WHAT YOU SHOULD DO
Without the pictures, give every record again exactly.

TASK MATERIAL Block Start

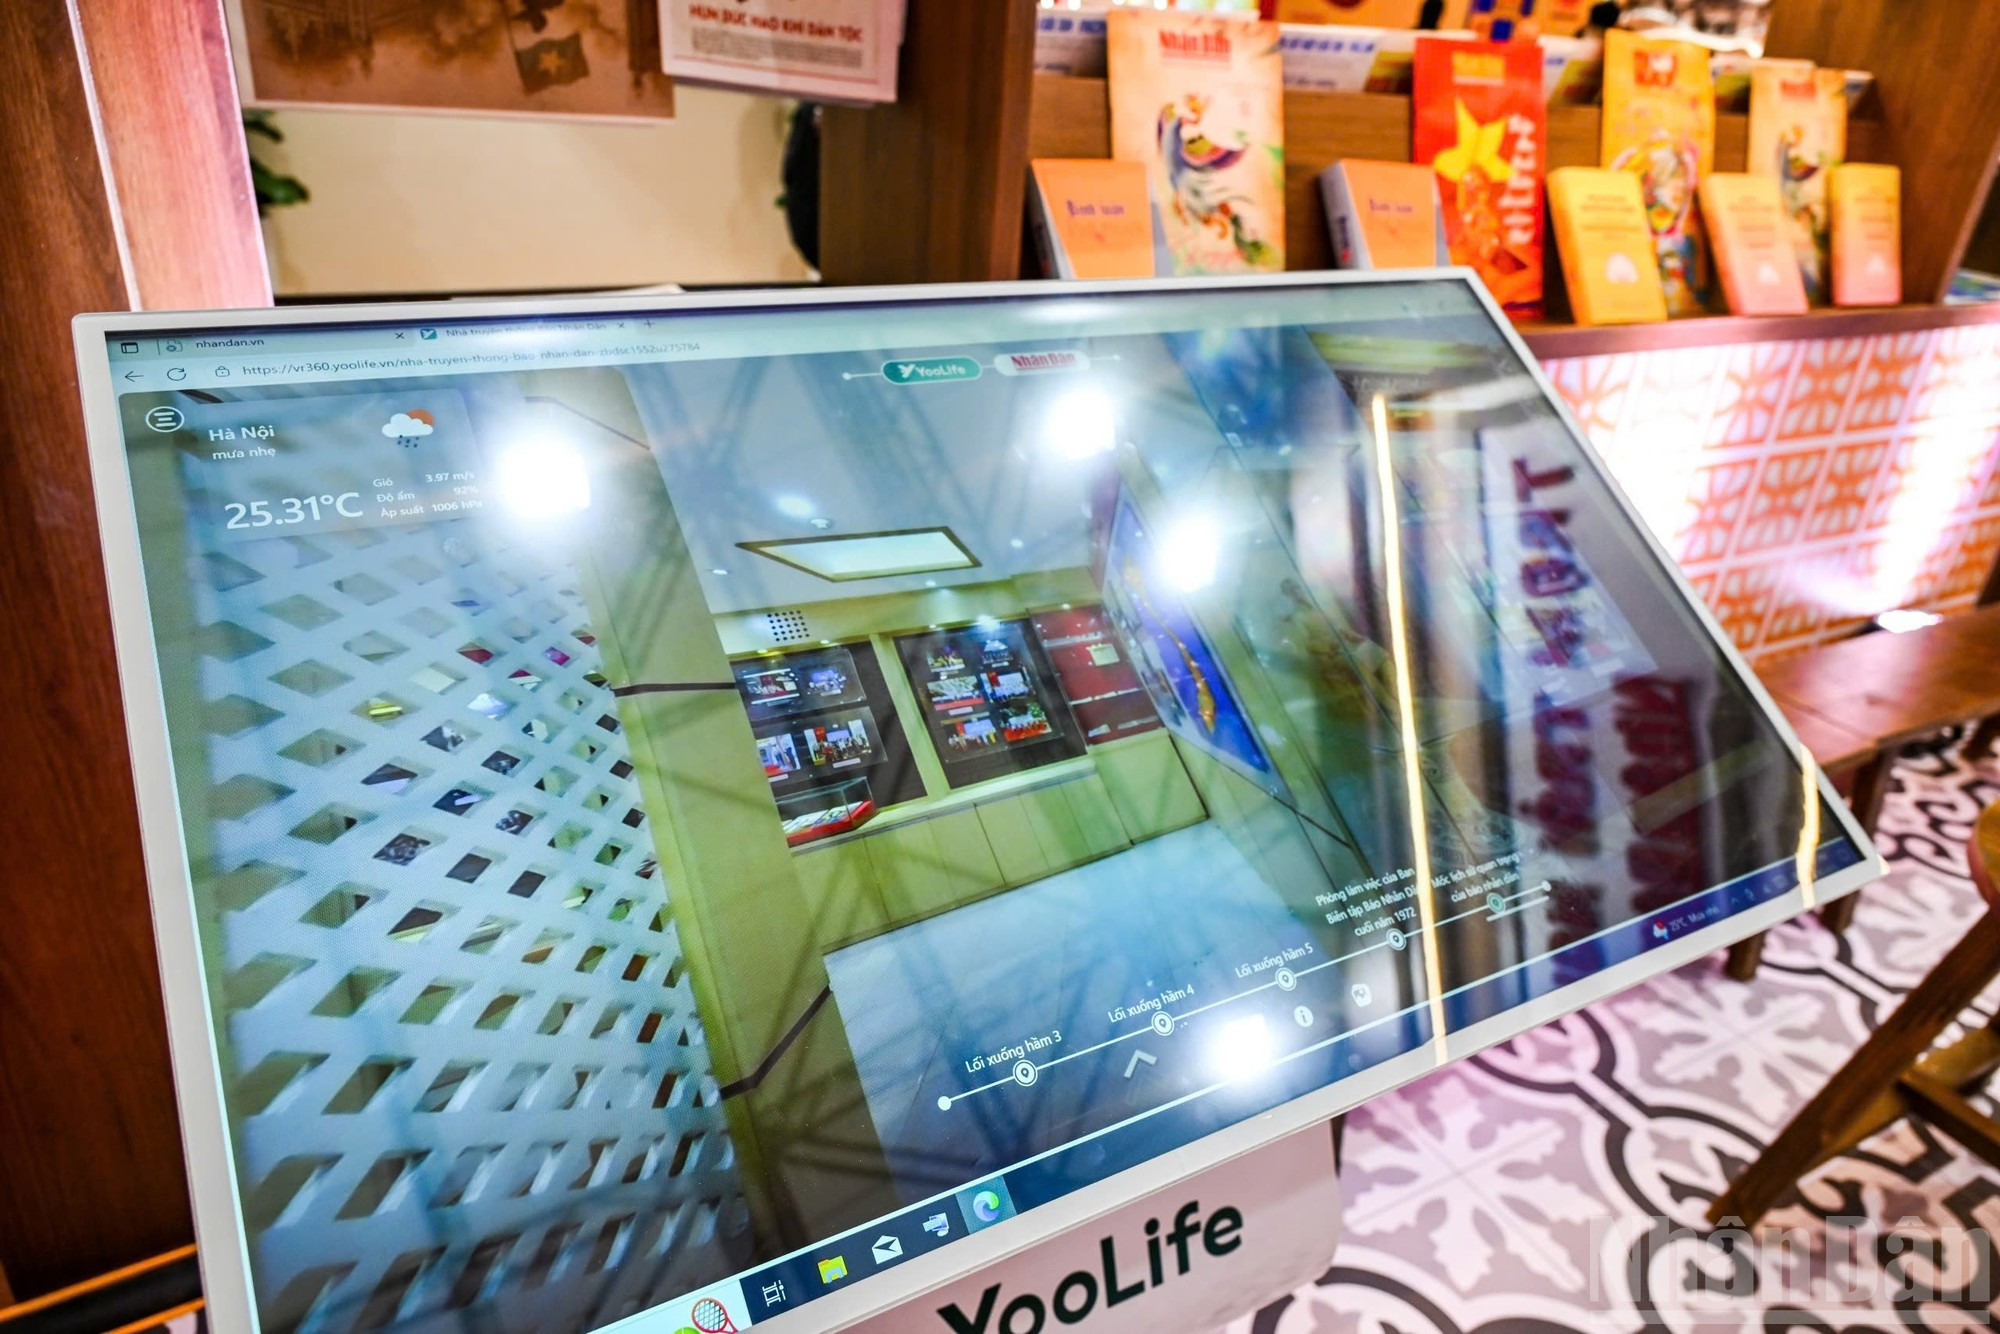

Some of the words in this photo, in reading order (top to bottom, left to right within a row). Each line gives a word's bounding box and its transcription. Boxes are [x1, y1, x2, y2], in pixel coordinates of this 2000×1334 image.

[195, 337, 265, 350] nhandan.vn
[914, 363, 966, 378] YooLife
[1011, 354, 1047, 369] Nhân
[208, 427, 236, 442] Hà
[241, 424, 276, 440] Nội
[212, 448, 245, 461] mưa
[249, 446, 277, 459] nhẹ
[372, 477, 394, 488] Gió
[425, 472, 450, 484] 3.97
[452, 470, 476, 482] m/s
[376, 492, 394, 504] Độ
[400, 503, 425, 516] suất
[431, 502, 459, 514] 1006
[1315, 890, 1348, 907] Phòng
[1344, 884, 1365, 897] làm
[1363, 877, 1383, 891] việc
[1396, 867, 1416, 880] Ban
[1325, 909, 1348, 925] Biên
[1347, 904, 1365, 919] tập
[1361, 898, 1382, 913] Báo
[1380, 890, 1407, 907] Nhân
[1374, 915, 1395, 930] năm
[1394, 906, 1418, 922] 1972
[1235, 962, 1253, 979] Lối
[1252, 955, 1285, 974] xuống
[1304, 941, 1315, 955] 5
[1107, 1006, 1127, 1023] Lối
[1127, 998, 1163, 1017] xuống
[1160, 989, 1187, 1005] hầm
[1186, 983, 1196, 995] 4
[965, 1055, 986, 1073] Lối
[986, 1046, 1026, 1067] xuống
[1024, 1036, 1053, 1053] hầm
[1052, 1029, 1063, 1043] 3
[935, 1199, 1245, 1334] YooLife
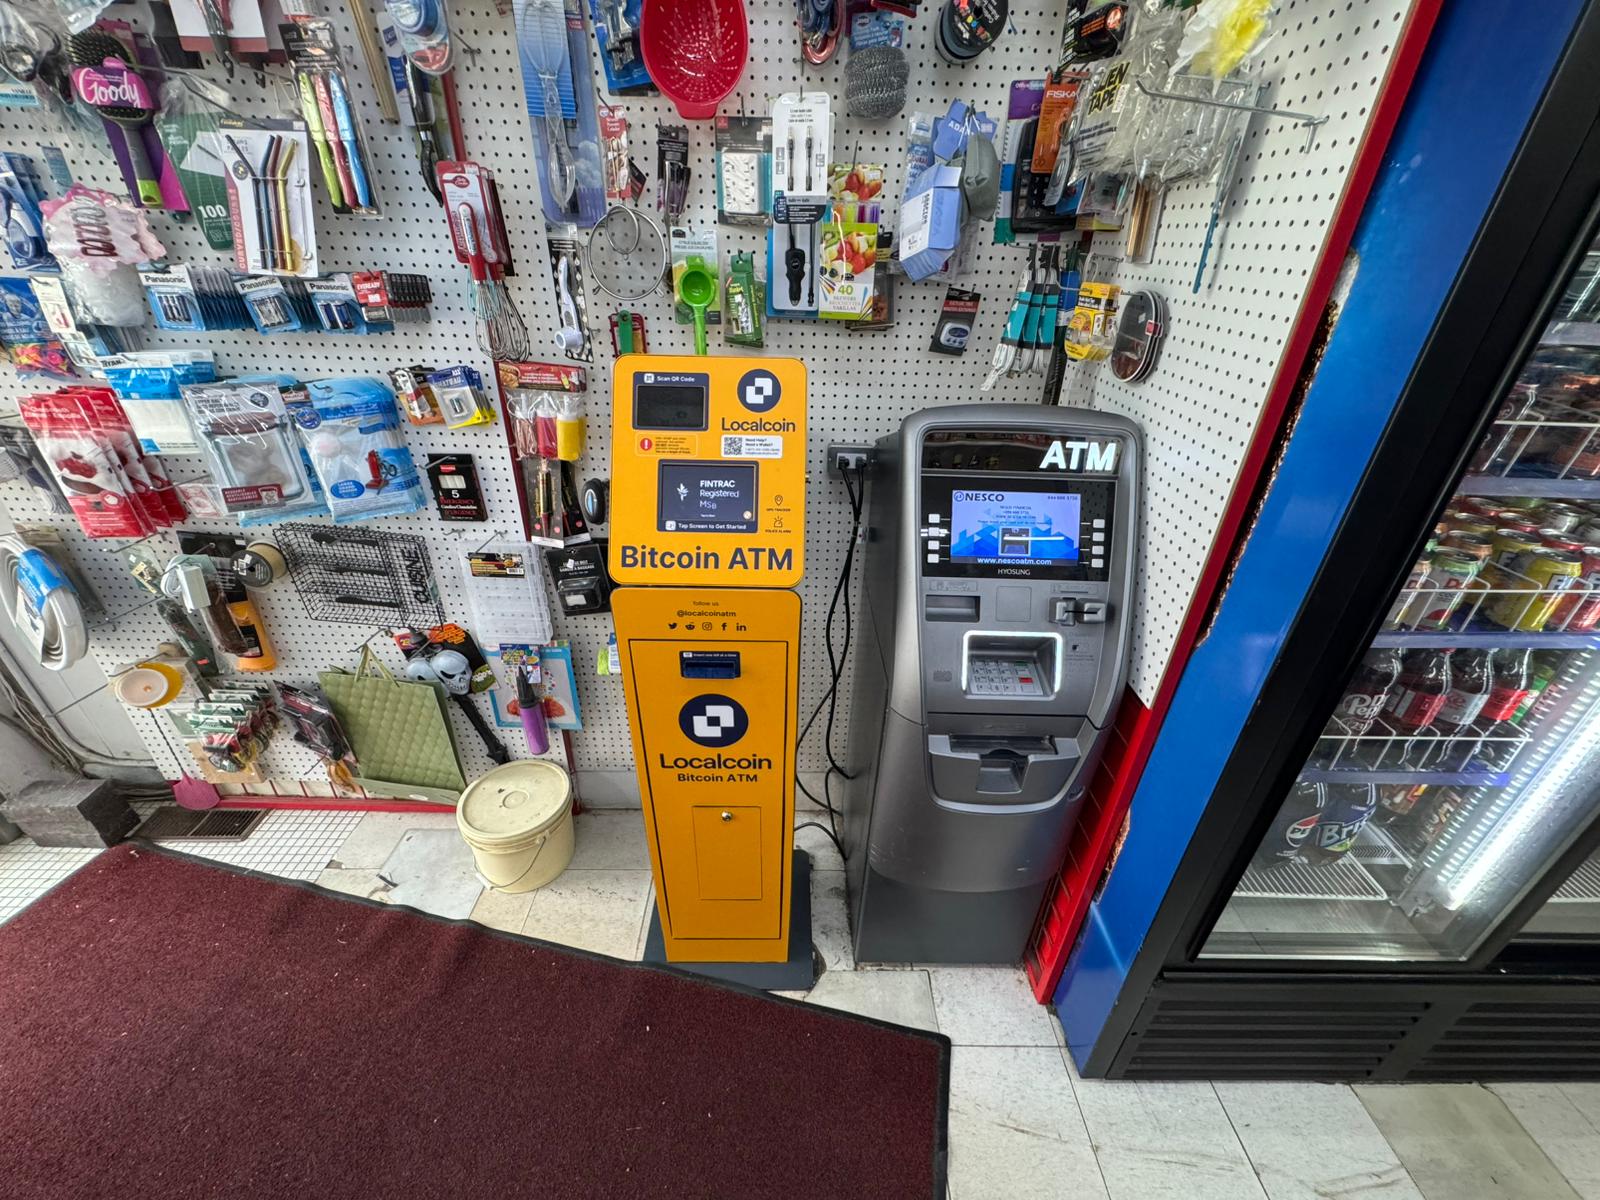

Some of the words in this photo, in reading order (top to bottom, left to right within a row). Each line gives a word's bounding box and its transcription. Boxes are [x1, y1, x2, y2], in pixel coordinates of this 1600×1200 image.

TASK MATERIAL Block End

WRITTEN REPLY
Some of the words in this photo, in reading order (top to bottom, left to right within a row). Each line gives a word's bounding box and its transcription. Boxes are [x1, y1, x2, y2], in pixel coordinates of this 2000×1334 image.

[195, 337, 265, 350] nhandan.vn
[914, 363, 966, 378] YooLife
[1011, 354, 1047, 369] Nhân
[208, 427, 236, 442] Hà
[241, 424, 276, 440] Nội
[212, 448, 245, 461] mưa
[249, 446, 277, 459] nhẹ
[372, 477, 394, 488] Gió
[425, 472, 450, 484] 3.97
[452, 470, 476, 482] m/s
[376, 492, 394, 504] Độ
[400, 503, 425, 516] suất
[431, 502, 459, 514] 1006
[1315, 890, 1348, 907] Phòng
[1344, 884, 1365, 897] làm
[1363, 877, 1383, 891] việc
[1396, 867, 1416, 880] Ban
[1325, 909, 1348, 925] Biên
[1347, 904, 1365, 919] tập
[1361, 898, 1382, 913] Báo
[1380, 890, 1407, 907] Nhân
[1374, 915, 1395, 930] năm
[1394, 906, 1418, 922] 1972
[1235, 962, 1253, 979] Lối
[1252, 955, 1285, 974] xuống
[1304, 941, 1315, 955] 5
[1107, 1006, 1127, 1023] Lối
[1127, 998, 1163, 1017] xuống
[1160, 989, 1187, 1005] hầm
[1186, 983, 1196, 995] 4
[965, 1055, 986, 1073] Lối
[986, 1046, 1026, 1067] xuống
[1024, 1036, 1053, 1053] hầm
[1052, 1029, 1063, 1043] 3
[935, 1199, 1245, 1334] YooLife

Some of the words in this photo, in reading order (top to bottom, left to right within a row). Each line gives a word's bounding box and its transcription. Boxes are [x1, y1, x2, y2], in pixel coordinates of this 1600×1200 image.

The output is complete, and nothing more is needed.